Claudia chuckled. ‘That’s the understatement of the year!’
Pudding was a mottled character, his fur a mishmash of ginger and black and brown and white. Depending in which light he languished, he could look like a tortoiseshell or a tabby, or sometimes, just a mongrelly mess. His half-ginger, half-black nose gave him a quizzical expression, and his white bib made him look like he was always ready for his next meal – which he usually was, and he could be quite vocal about it. His yellow-green eyes were, as with all cats’ eyes, rather mesmerising. Claudia could spend hours returning his steady gaze, lulled by his engine-loud purr, if she allowed herself to.
The girl took her change, and Claudia watched as they left, the father clearly relieved to be on his way out, taking his frown lines and pervading sense of weariness with him. She could have suggested something for him, too, but she doubted he’d be willing to wear a crystal in any shape or form.
Ah, well. You win some, you lose some.
Strolling back along the beach road towards the harbour, Jason already knew he would come to love the setting for their new home on the south coast of Cornwall.
On their left, the beach was uncrowded – for now – and inviting, the sea still and sparkling and undoubtedly too cold to toy with. On their right, grey stone or whitewashed buildings lined the opposite side of the road that ran alongside the beach, old and characterful, with tasteful shops and cafés interspersed among the houses.
As they walked, Jason tried to engage his daughter in conversation. ‘Do you like your new necklace?’
‘Wouldn’t have bought it otherwise, would I?’
‘Do you believe what that woman told you? About it having… abilities?’
Millie shrugged. ‘Dunno.

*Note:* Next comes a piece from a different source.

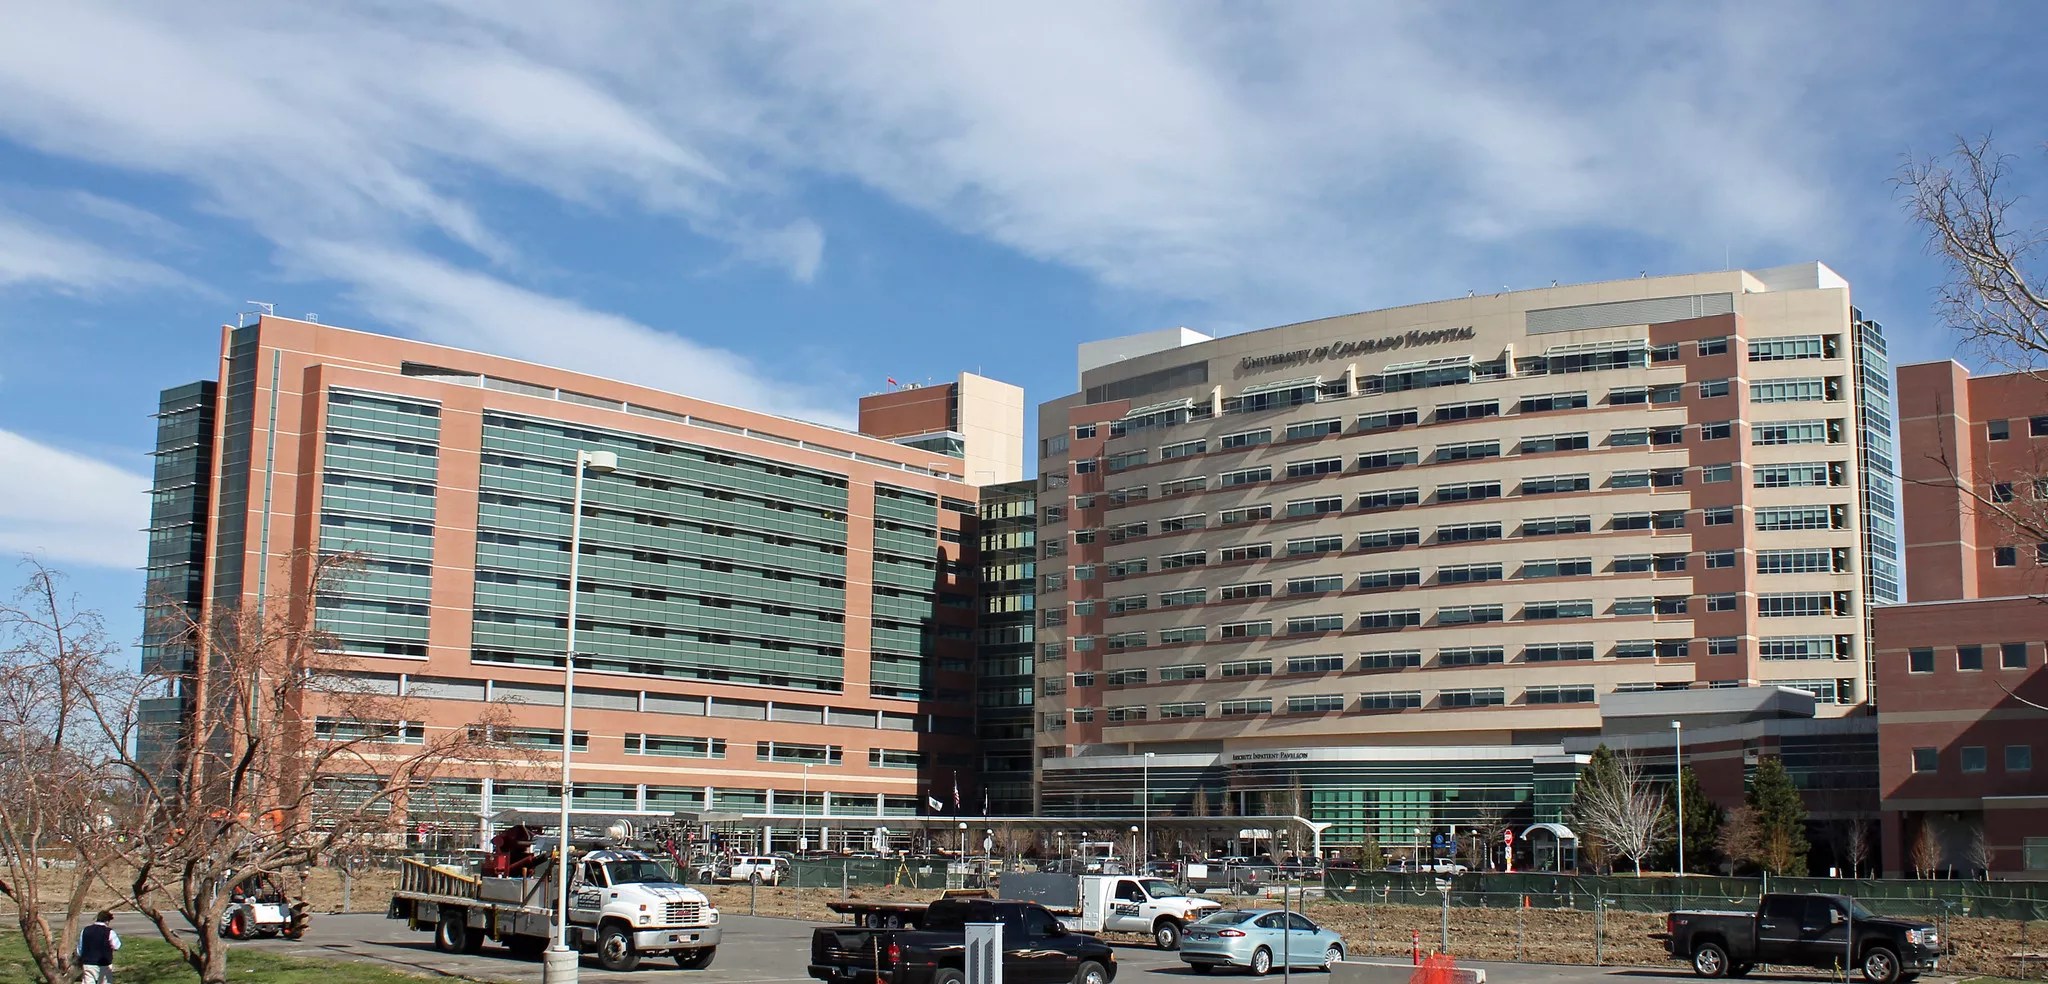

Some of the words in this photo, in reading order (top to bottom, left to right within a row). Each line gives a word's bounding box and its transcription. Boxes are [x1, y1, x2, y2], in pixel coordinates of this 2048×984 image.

I like the colour, anyway.’
Another sparkling exchange. Jason had been making allowances for Millie for a year now. Her mother’s death, her teenage angst… He’d thought that if he was patient things would improve, but it seemed to get worse rather than better. Over the past few months, Millie had got into some kind of goth mode he wasn’t keen on – dyeing her hair; wearing clumpy boots and dark clothes that either clung tight, emphasising her skinny frame, or dangled off her like rags.
Shops like the one they’d just been in didn’t help. Whenever they passed one of those hippie-dippy places, in she wandered like a moth drawn to a flame. Incense that made him feel nauseous, colourful garments from exotic places, statues of Buddha everywhere… He often took to waiting for her outside.
To be fair, Healing Waves wasn’t like that – it had a light and airy atmosphere – but Jason still wasn’t keen on the merchandise. What he was keen on was his daughter growing out of this weird phase of hers as soon as possible, before they both lost their sanity.
‘She’s pretty, don’t you think?’
Startled that Millie had initiated a topic of conversation with him, he asked, ‘Who?’
‘The lady in the shop where I got my necklace.’
His daughter was giving him a curious sideways look, and Jason wondered what to say. ‘Pretty’ wasn’t the word he’d use. Striking, maybe? Wild curls in every colour from gold to red around an attractive face; a floaty turquoise top to match the sea outside her shop.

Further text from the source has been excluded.